WHAT IS EXPECTED: Transcribe each entry in full, and leave the images out.

PROVIDED DATA:

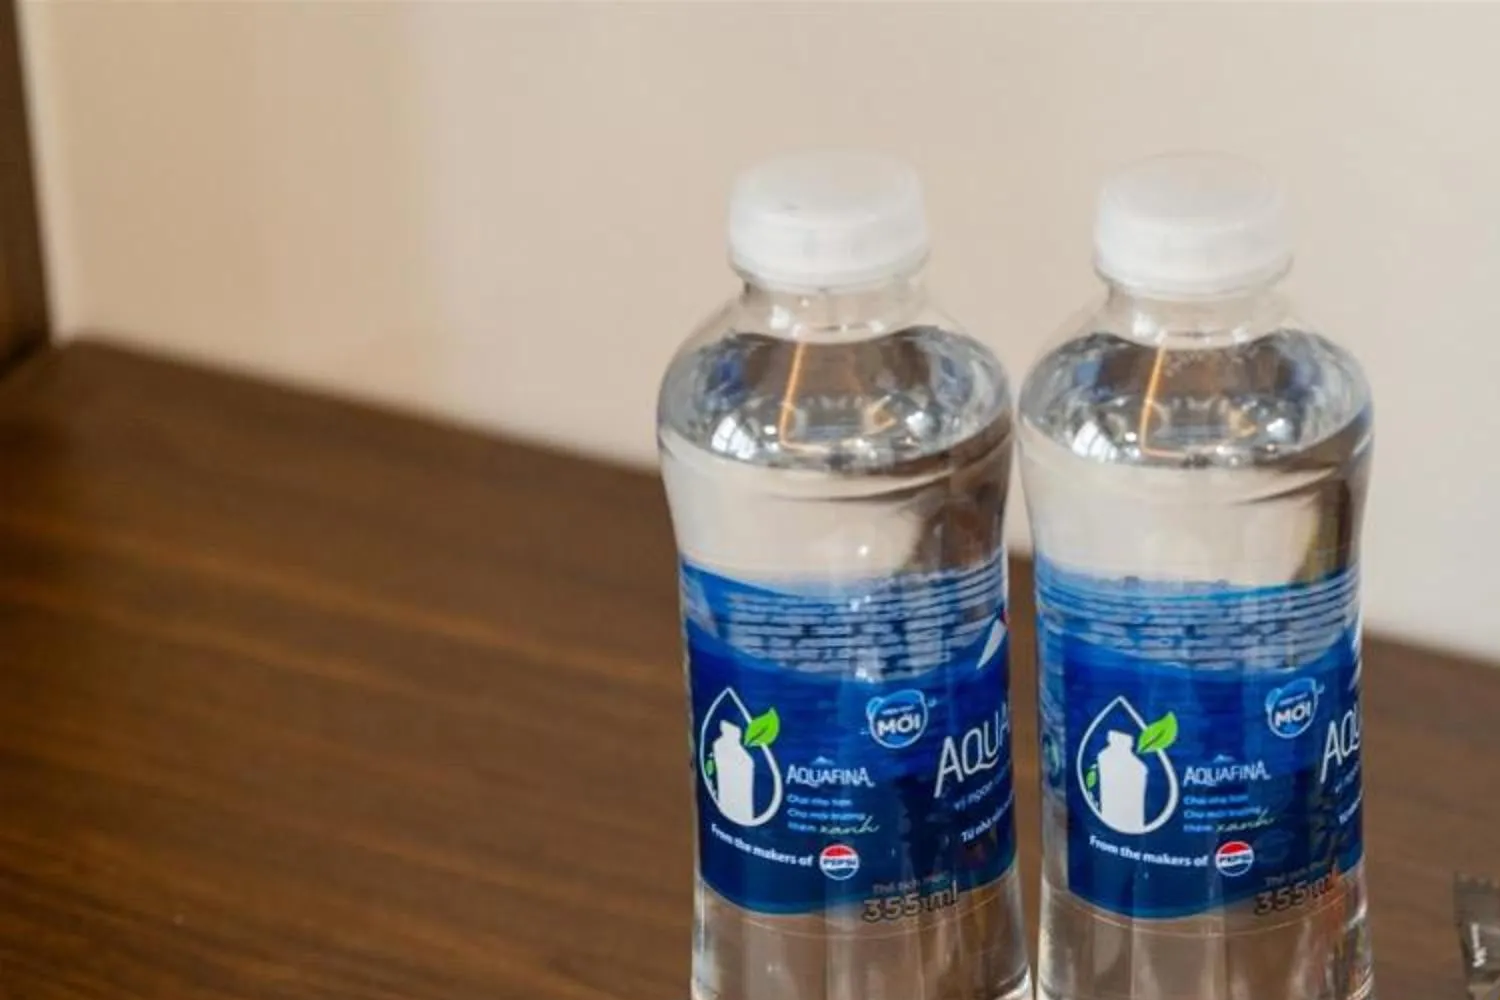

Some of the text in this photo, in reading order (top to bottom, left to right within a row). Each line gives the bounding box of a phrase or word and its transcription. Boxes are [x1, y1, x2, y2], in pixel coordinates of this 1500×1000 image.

[785, 764, 876, 788] AQUAFINA
[1182, 760, 1272, 788] AQUAFINA
[711, 823, 814, 867] From the makers of
[1089, 835, 1118, 855] From
[1119, 846, 1141, 861] the
[1143, 852, 1191, 868] makers
[1193, 855, 1209, 867] of
[862, 892, 920, 923] 355
[1254, 880, 1307, 915] 355
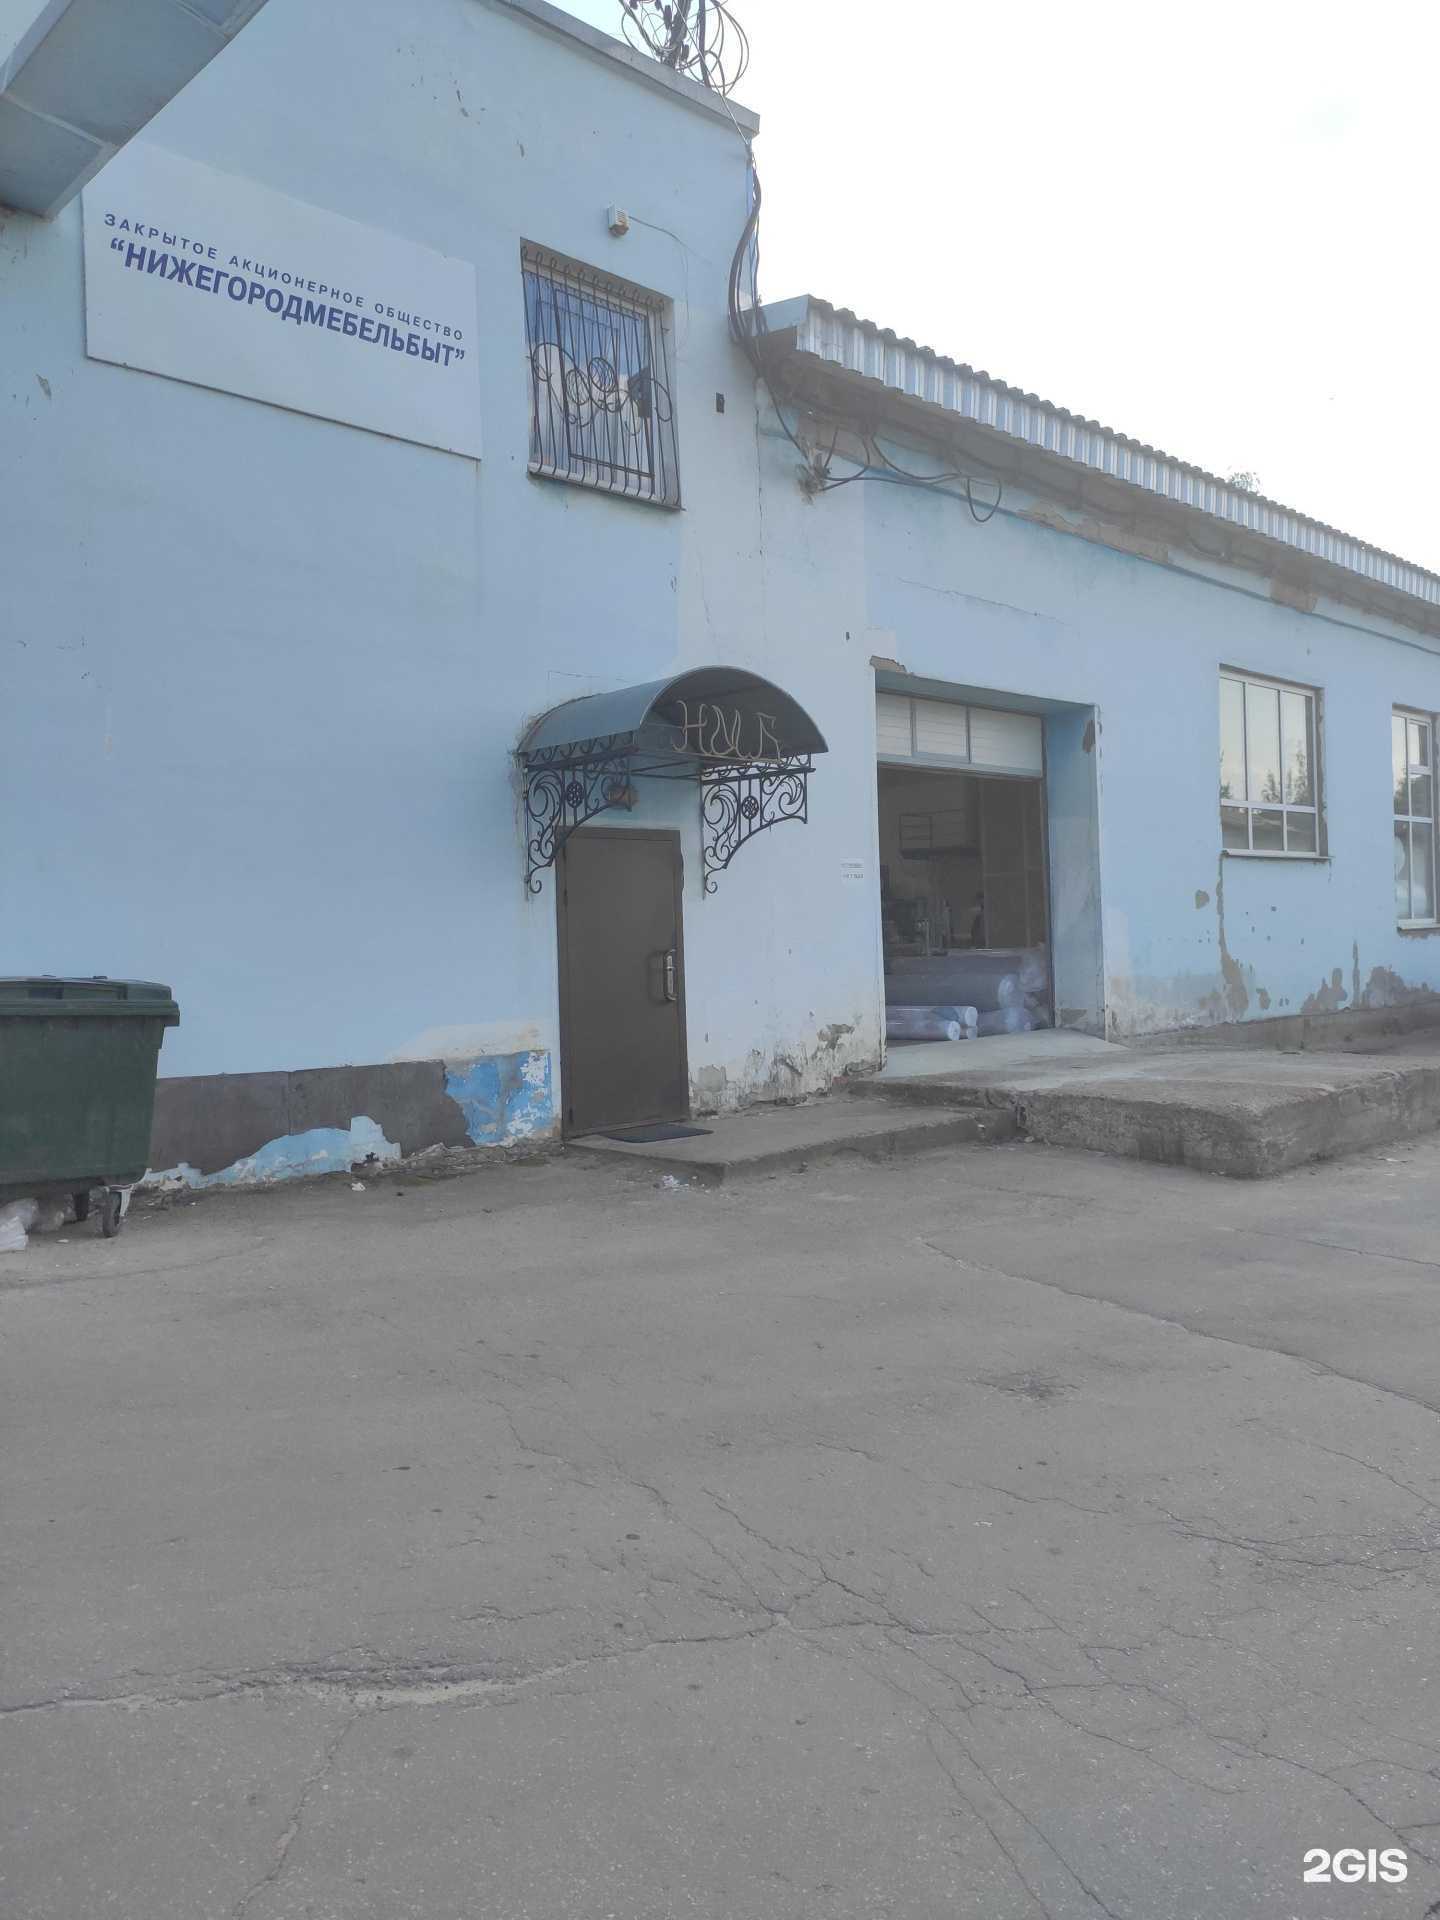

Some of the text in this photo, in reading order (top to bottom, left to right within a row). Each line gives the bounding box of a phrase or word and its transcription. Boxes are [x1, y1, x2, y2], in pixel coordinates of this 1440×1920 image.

[104, 213, 464, 341] ЗАКРЫТОЕ АКЦИОНЕРНОЕ ОБЩЕСТВО

RESULT FOR THIS TASK:
Some of the text in this photo, in reading order (top to bottom, left to right within a row). Each line gives the bounding box of a phrase or word and its transcription. Boxes are [x1, y1, x2, y2], in pixel coordinates of this 1500×1000 image.

[785, 764, 876, 788] AQUAFINA
[1182, 760, 1272, 788] AQUAFINA
[711, 823, 814, 867] From the makers of
[1089, 835, 1118, 855] From
[1119, 846, 1141, 861] the
[1143, 852, 1191, 868] makers
[1193, 855, 1209, 867] of
[862, 892, 920, 923] 355
[1254, 880, 1307, 915] 355

Some of the text in this photo, in reading order (top to bottom, left to right within a row). Each line gives the bounding box of a phrase or word and its transcription. Boxes are [x1, y1, x2, y2], in pixel coordinates of this 1440×1920 image.

[104, 213, 464, 341] ЗАКРЫТОЕ АКЦИОНЕРНОЕ ОБЩЕСТВО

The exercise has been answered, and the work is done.